If AionCore runs in a container too, put both containers on the same user-defined bridge network and use AionCore's container name as the hostname. The AIONUI_LOCAL_FS_MCP_PUBLIC_URL override is the safest way to pin the URL the plugin should dial in either case.

Install — systemd

# /etc/systemd/system/opencode.service
[Unit]
Description=OpenCode
After=network.target

[Service]
Type=simple
User=opencode
Environment=AIONCORE_URL=http://192.168.1.10:4111/
Environment=AIONCORE_TOKEN=00000000-0000-4000-8000-000000000001
ExecStart=/usr/local/bin/opencode serve
Restart=on-failure

[Install]
WantedBy=multi-user.target
sudo systemctl daemon-reload
sudo systemctl enable --now opencode
sudo journalctl -u opencode -f    # watch the plugin load

Token rotation

The token is per-workspace (per remote_agent_id row). Rotate it from the AionUi remote-agent card or by hitting the AionCore REST endpoint directly:

curl -X POST http://localhost:4111/api/remote-agents/<agent-id>/plugin/rotate-token

The response carries the new token in full exactly once — copy it into the OpenCode process's environment and restart. The old token sees 401 Unauthorized on its next request; the plugin's SSE loop reconnects with exponential backoff as soon as the new env vars are loaded. The webserver's validator reads the same SQLite row, so the new token is visible to the next inbound request without a restart.

Troubleshooting

401 Unauthorized on the plugin webserver. The token is stale (rotated, or pasted wrong). Re-open the AionUi install card, copy the current AIONCORE_TOKEN, restart OpenCode.

Status indicator stays grey forever; no hello lands in AionCore. The remote OpenCode server cannot reach AIONCORE_URL from its network. Check:

  1. curl $AIONCORE_URL/global/health from the OpenCode host returns {"healthy": true, …}. If it doesn't, AionCore is not reachable — fix the URL or the firewall.
  2. The AIONUI_LOCAL_FS_MCP_PUBLIC_URL override is set on the AionCore process (not the OpenCode process). The override is for advertising AionCore's URL; the plugin is the dialer.
  3. The OpenCode host can resolve AionCore's hostname (try the IP instead if DNS is suspect).
  4. The port is open in both directions (the webserver binds to 0.0.0.0:4111 in the default path; the firewall must allow inbound from the OpenCode host).

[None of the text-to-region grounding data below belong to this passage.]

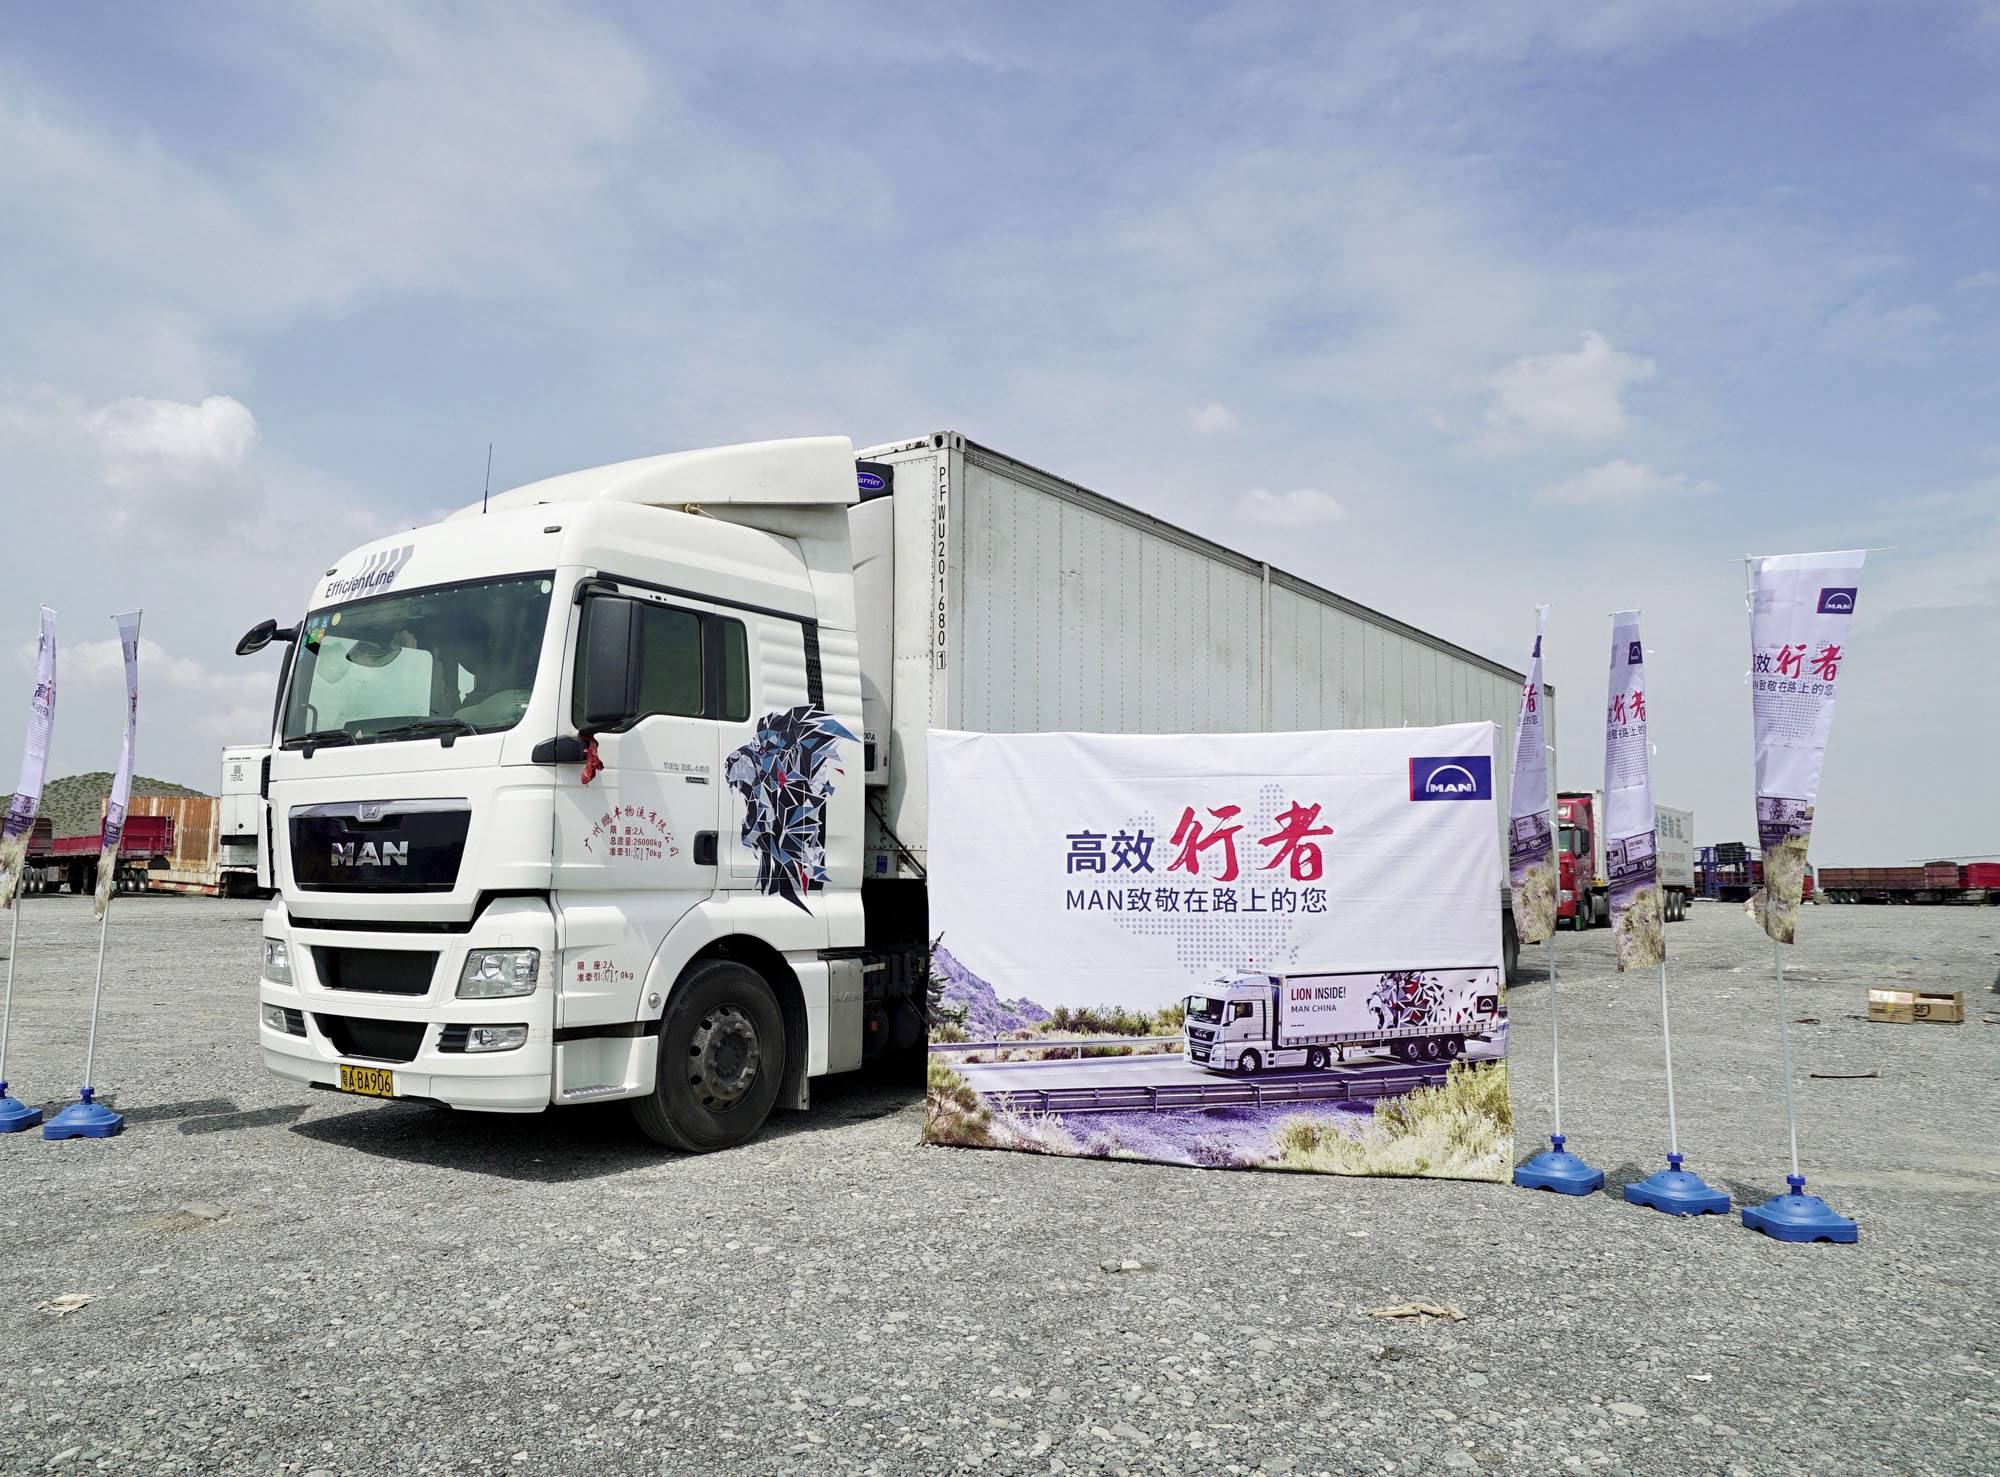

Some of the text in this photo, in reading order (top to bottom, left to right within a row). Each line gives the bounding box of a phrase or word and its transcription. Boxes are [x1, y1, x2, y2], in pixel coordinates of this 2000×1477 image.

[325, 569, 395, 599] EfficientLine
[1753, 643, 1842, 681] 效行者
[1429, 783, 1472, 793] MAN
[1066, 800, 1334, 881] 高效行者
[331, 841, 409, 867] MAN
[1066, 887, 1328, 913] MAN致敬在路上的您
[1291, 986, 1346, 1001] LION INSIDE!
[1291, 1004, 1337, 1013] MAN CHINA

Plugin not loading — opencode serve logs show no chisl line. The plugin package isn't on the OpenCode host's load path. Confirm:

ls $(npm root -g)/@chisl/chisl-opencode-plugin/dist/index.js

Re-run npm i -g @chisl/chisl-opencode-plugin@1.16.2 and restart opencode serve.

Status indicator is amber (helloed but no SSE stream). The plugin sent a hello (so URL + token are right) but the SSE stream isn't currently open. The most common cause is the OpenCode host's outbound HTTP/1.1 keep-alive getting closed by a stateful firewall between the two. The plugin auto-reconnects with exponential backoff; if the indicator stays amber for more than a minute, check the opencode logs for SSE error events.

Permission.ask prompts appear in OpenCode's native UI, not in AionUi's Approvals queue. That is the expected MVP behaviour — AionCore responds with status: "ask" and OpenCode's native flow takes over. AionUi shows the same prompt via the existing permission.asked SSE event handler (see AionCore PROTOCOL.md → Permission / question). A AionCore-side policy engine is a follow-up plan.

Uninstall

  1. Unset AIONCORE_URL / AIONCORE_TOKEN from the OpenCode process environment.
  2. Remove the {"plugin": ["@chisl/chisl-opencode-plugin"]} entry from ~/.config/opencode/config.json (if you added it).
  3. Restart opencode serve.
  4. (Optional) Rotate the token in AionUi so a stale install can't re-attach.